Reputation: 93
I have a not complicated problem, I think, but my knowledge of R is pretty basic and so I can't find an answer. I have 4 variables. One is a grouping variable I call cluster
. The other 3 (ID
, IDman
, IDwoman
) are IDs of individuals. Something like this:
cluster <- c("a", "a", "a", "b", "b", "b", "c", "c", "c")
ID <- c(1, 7, 18, 3, 3, 9, 25, 10, 19)
IDman <- c(1, 2, 3, 3, 3, 4, 10, 10, 6)
IDwoman <- c(5, 7, 9, 11, 12, 14, 19,19,5)

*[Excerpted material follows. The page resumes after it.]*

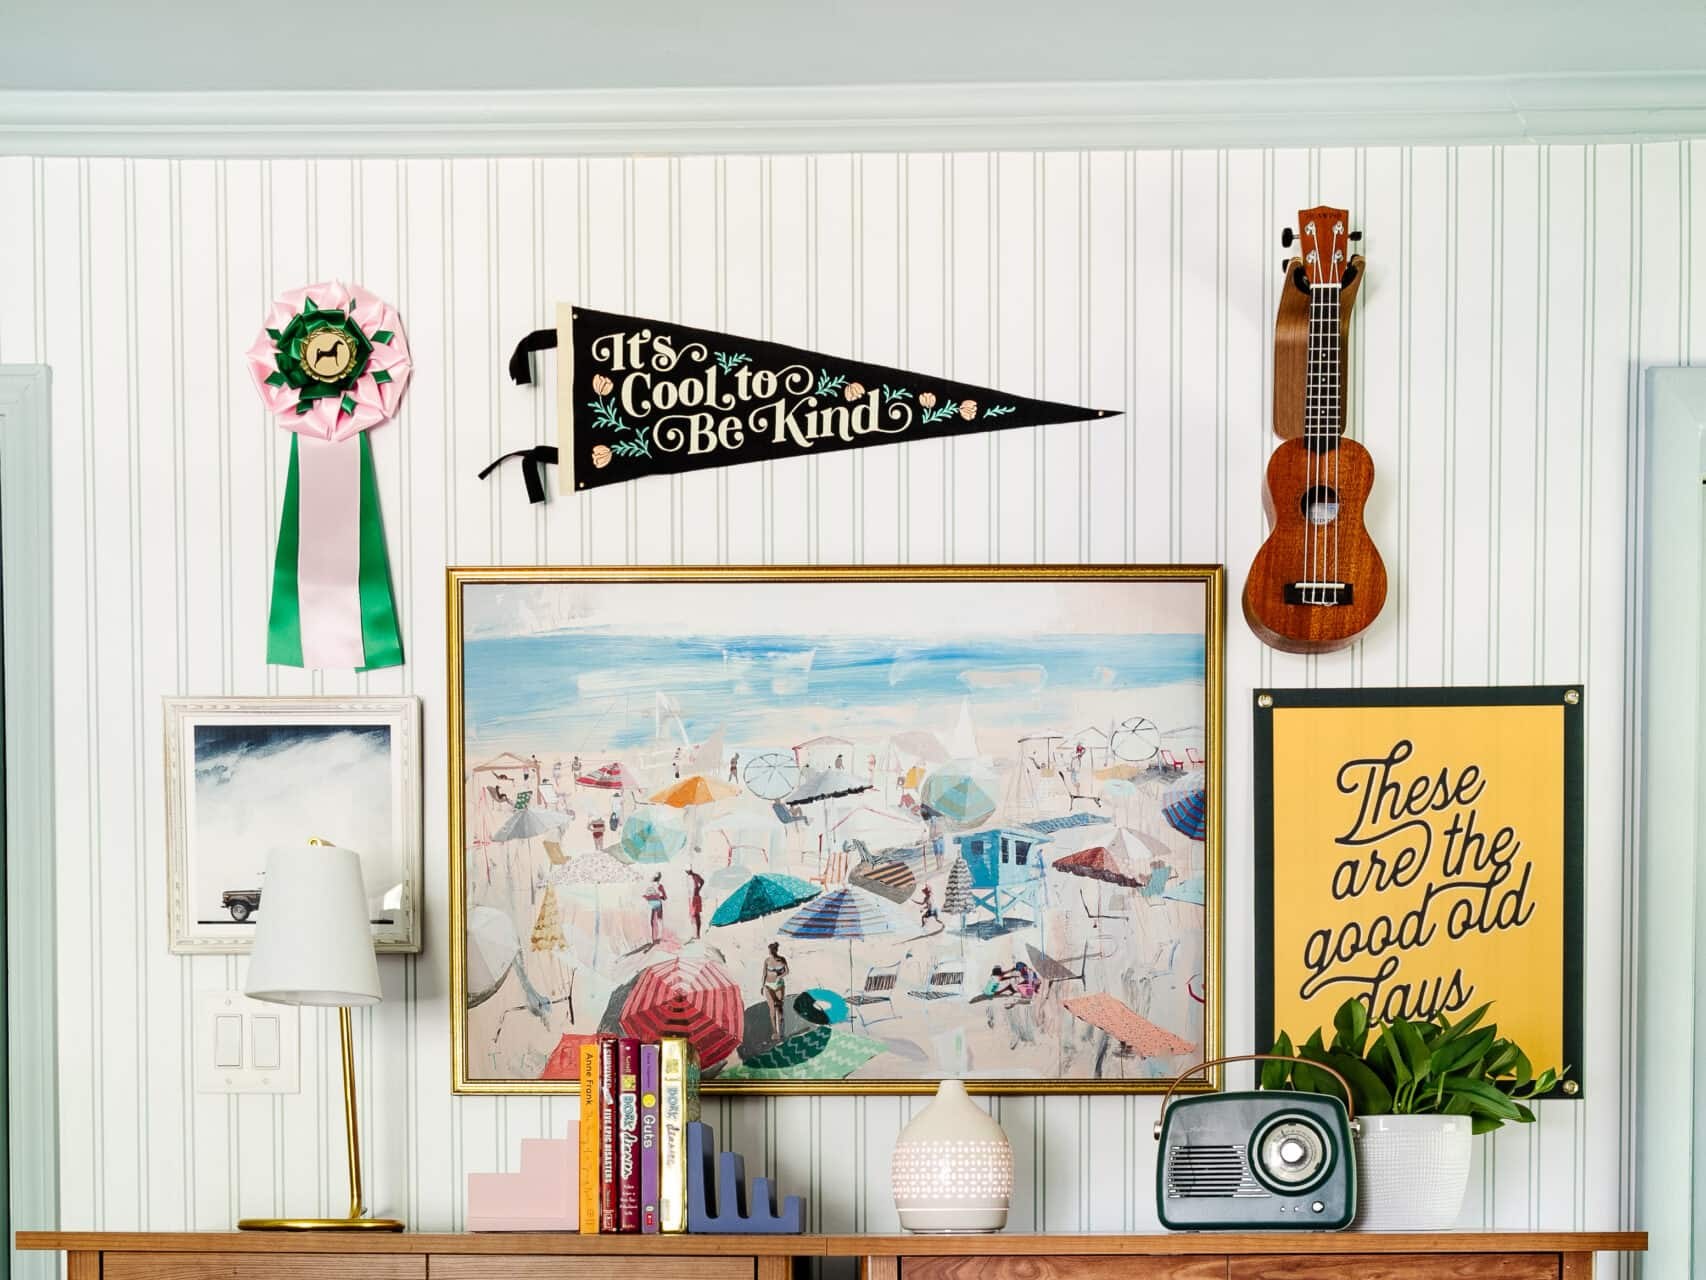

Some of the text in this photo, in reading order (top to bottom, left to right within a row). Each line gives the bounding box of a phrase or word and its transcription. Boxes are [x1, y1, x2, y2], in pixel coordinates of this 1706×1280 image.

households <- data.frame(cluster, ID, IDman, IDwoman)
The dataframe (household
) is basically showing the individuals (ID
) that are in a household (cluster
). Sometimes, those individuals are a marriage, and this information is given by a certain combination of IDman and IDwoman: it happens when ID
equals IDman
and ID
equals IDwoman
within the same cluster. For example, for the first cluster (cluster=a, or first 3 rows) there is a marriage. IDman=1 and IDwoman=7 are a marriage because they are in the same household (cluster=a) and because ID and IDman equal 1 in the first row, but also ID and IDwoman equal 7 in the second (all of it happening within cluster a).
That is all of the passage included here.